If you’re a busy person and simply don’t have time to compost, the next best thing is to use fertilizer. But make sure you use a slow-release fertilizer and don’t overdo it. You should not add organic matter to your soil if there is a lot of clay in your soil.
This is because the clay will absorb the organic matter and your plants will be left without nutrients. So, when adding organic matter, pay attention to the texture of your soil.
Add Nutrients At The Right Time
Just like humans, plants need water, sunlight, and soil to grow. But, unlike humans, plants do not get everything they need from air or food. They need a combination of nutrients from the soil in which they grow, called fertilizer. When plants do not have enough of these nutrients, they do not grow as healthy or fast as they should.
If you’re like many gardeners, you probably add some fertilizer to your soil every year. Although this practice is common, it’s important to add nutrients at the right time. The best time to add fertilizer is early in the growing season when the plants are actively growing.
When you add fertilizer during the growing season, it reduces the number of nutrients available to your plants when they need them most. Instead of receiving a balanced amount of nutrients, your plants receive only the nutrients that are most deficient at that specific time.

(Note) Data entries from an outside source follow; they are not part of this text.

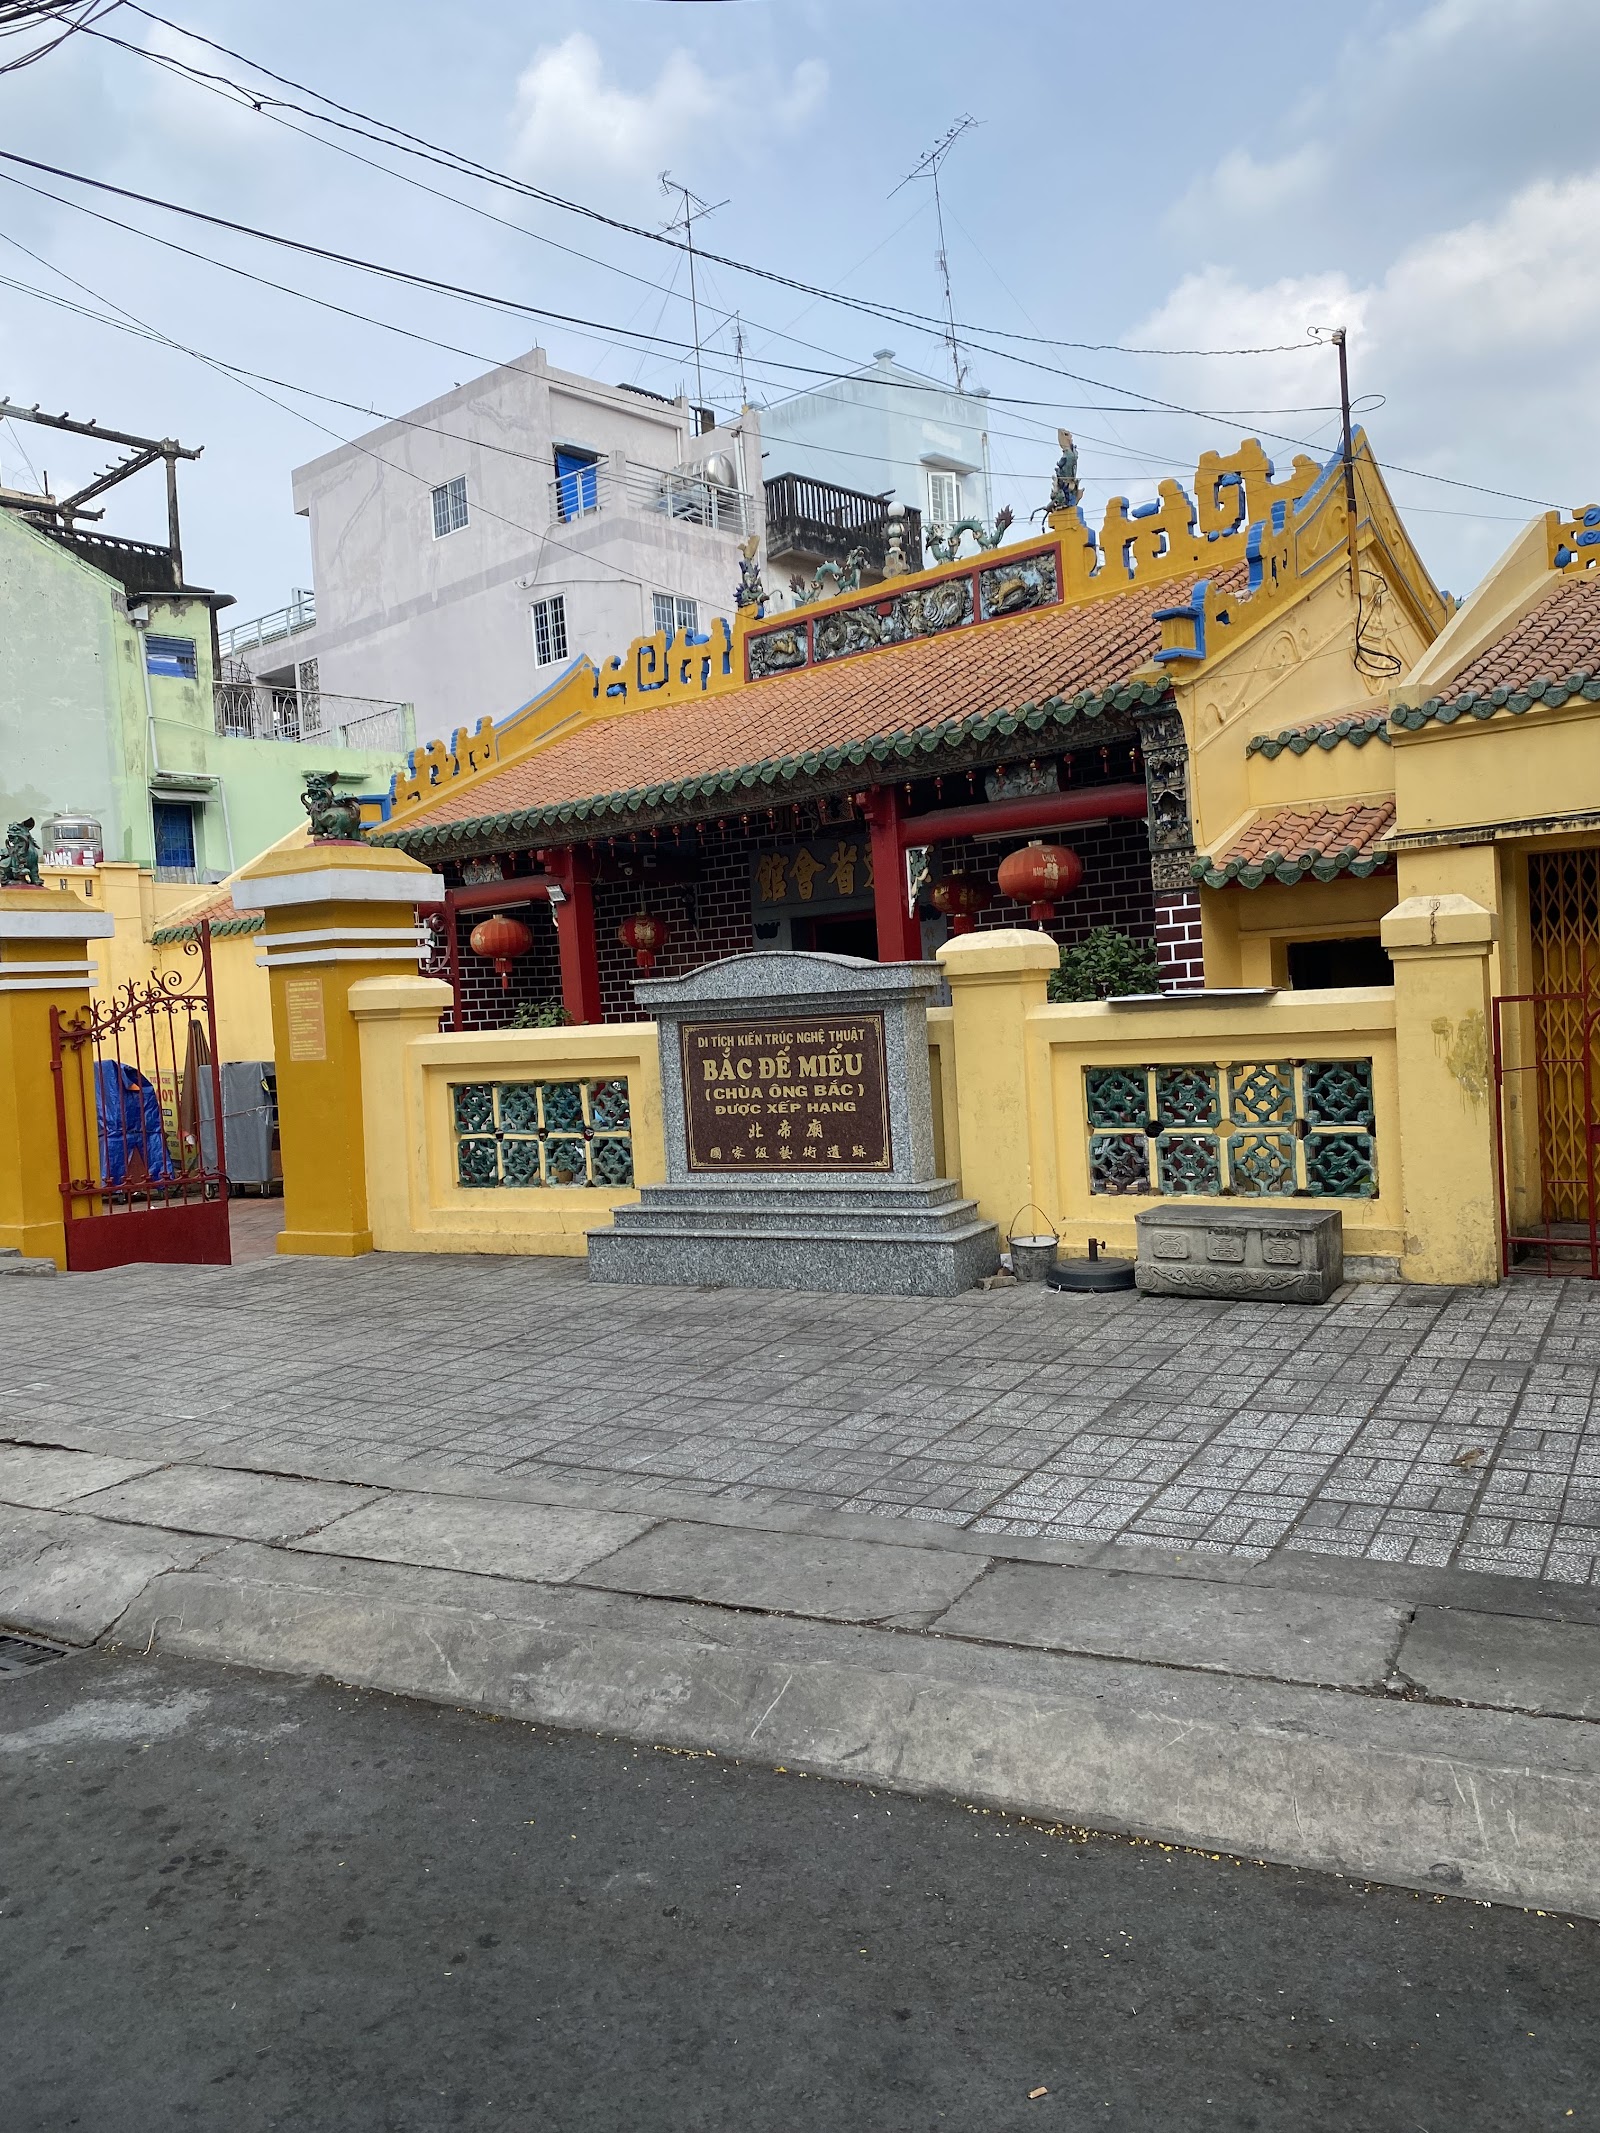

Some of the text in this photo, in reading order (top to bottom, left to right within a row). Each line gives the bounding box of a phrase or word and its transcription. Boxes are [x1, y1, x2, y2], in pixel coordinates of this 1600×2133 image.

[697, 1026, 865, 1048] DI TÍCH KIẾN TRÚC NGHỆ THUẬT
[702, 1042, 863, 1081] BẮC ĐẾ MIẾU
[768, 1083, 808, 1098] ÔNG
[715, 1099, 856, 1116] ĐƯỢC XẾP HẠNG
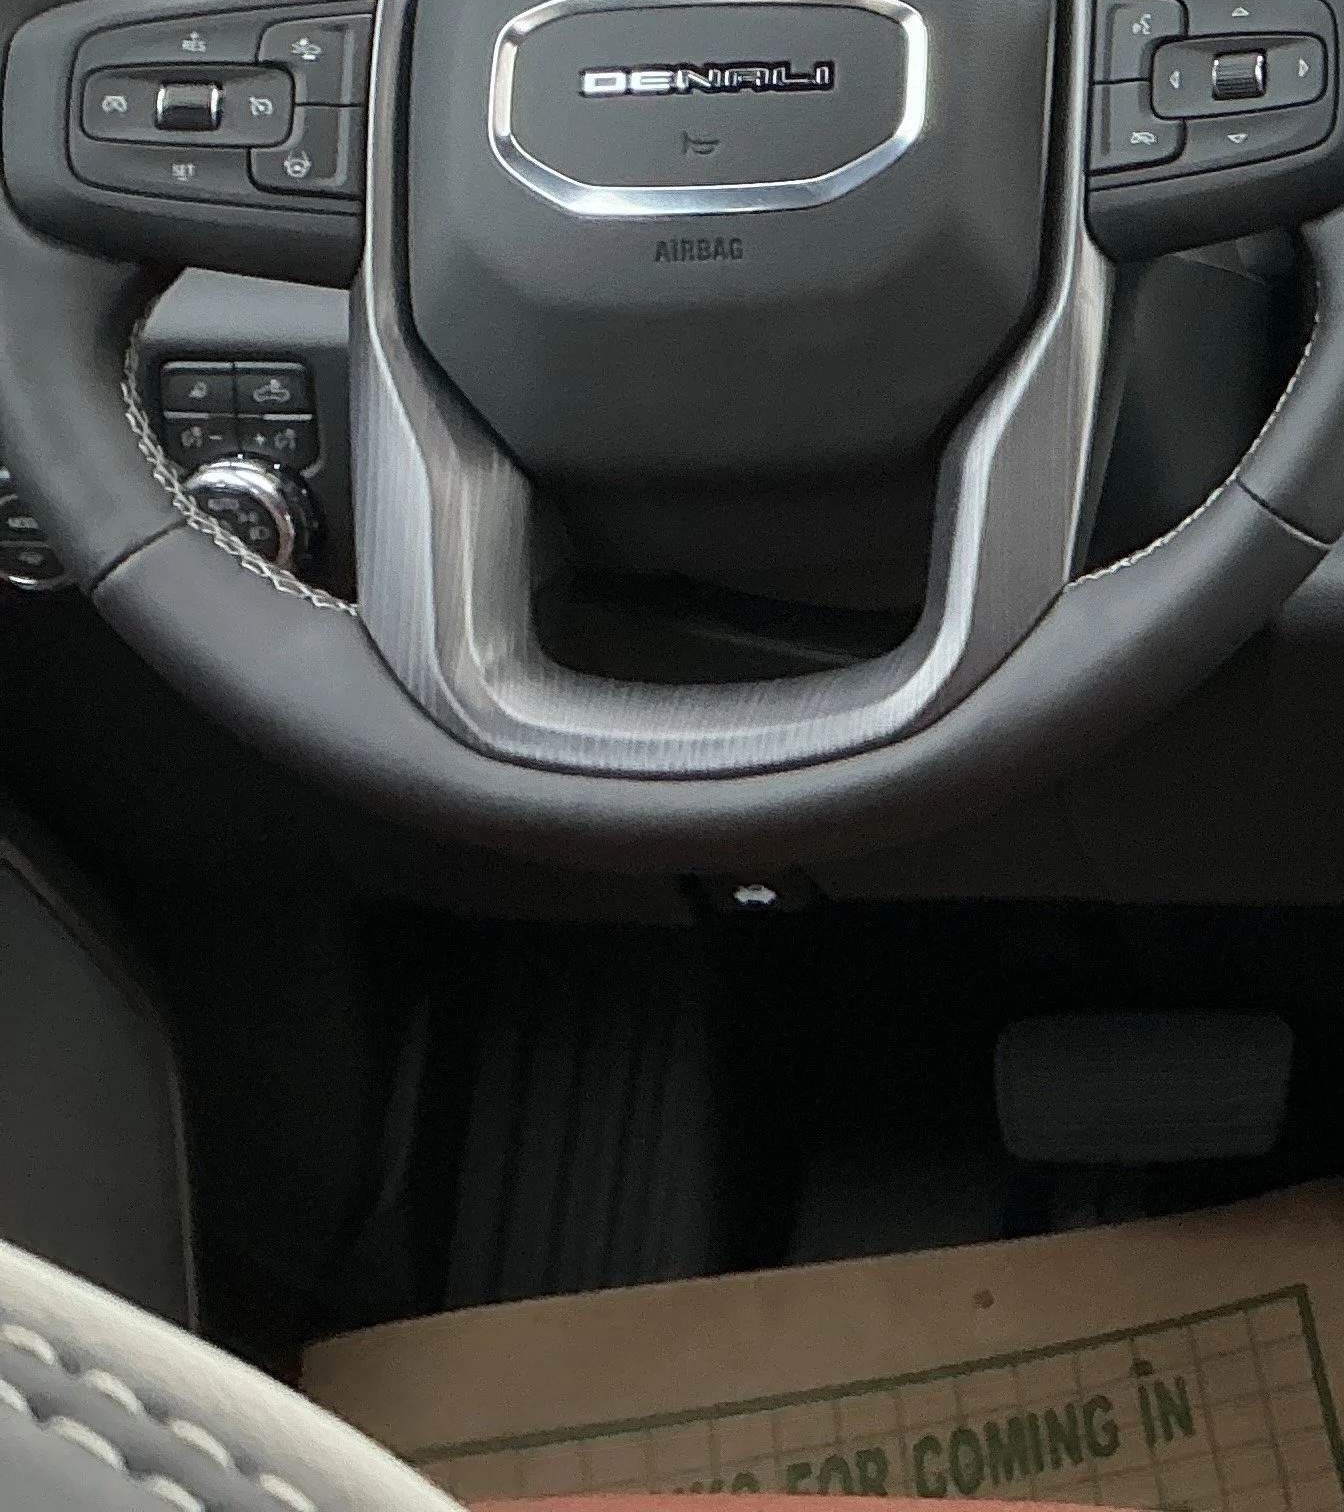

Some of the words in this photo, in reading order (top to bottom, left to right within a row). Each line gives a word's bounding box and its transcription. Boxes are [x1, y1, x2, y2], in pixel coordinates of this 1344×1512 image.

[583, 65, 830, 93] DENALI
[654, 237, 744, 263] AIRBAG
[913, 1394, 1121, 1499] COMING
[1137, 1374, 1196, 1449] IN

If you add fertilizer too late in the season, the fertilizer will still be available to the plants, but it will receive fewer nutrients than it would have had it been added during the growing season. Adding fertilizer too late in the season can leave your plants with inadequate nutrients, stunted growth, and even death.
Avoid Using Humus-Free Soil Mixes
The most common question I am asked is “how do I add organic matter to my soil?” Most people struggle with this because they don’t know where to start. Adding organic matter can be one of the most challenging aspects of growing food because you have to find time to make it happen.
You can’t just add organic matter to your soil whenever you feel like it. You have to plan it out. Organic matter is created by microorganisms in the soil. The more organic matter there is in the soil, the better it will be for your food. If you don’t plan to add organic matter to your soil, you are not helping your plants grow stronger and healthier.
Humus-free soil mixes are meant to be used as planting mixes, not as a way to add organic matter to your soil. These soil mixes contain very little organic matter, so they don’t add much to your soil. Most people use them to plant flowers or vegetables, not for adding organic matter to the soil.
Humus-free soil mixes aren’t really soil at all. They are mostly vermiculite, a mineral substance that looks like dark brown gunky soil. You really can’t add organic matter to vermiculite soil.
Don’t Forget To Rot Or incorporate your soil every year
There are two ways to add organic matter to your soil. You can either add raw organic matter or composted organic matter. Raw organic matter in soil that has not been turned into compost. Adding raw organic matter is like building a pile in your backyard and leaving it there.
Raw organic matter happens naturally over time. A better option is to create a pile of compost in a compost pile or in a compost bin. In a couple of months, this material will have decomposed and become a nutrient-rich substance that you can add to your soil.
Incorporating your soil every year will also help to break up clumps of soil and free up the air in your soil.
Wrapping it all up
The best way to improve your soils, or any soils for that matter, is by using all of these methods. You can add organic matter, use a grower’s fertilizer and make a pile of compost to your soils every year. This will help to build up your soil and prevent it from becoming compacted.
All of these methods are simple and easy to do but will take time and effort. Make sure you remember to add these organic materials to your soils every year, or every other year, and your soils will be much better for it. Soil is a living thing so you need to take care of it.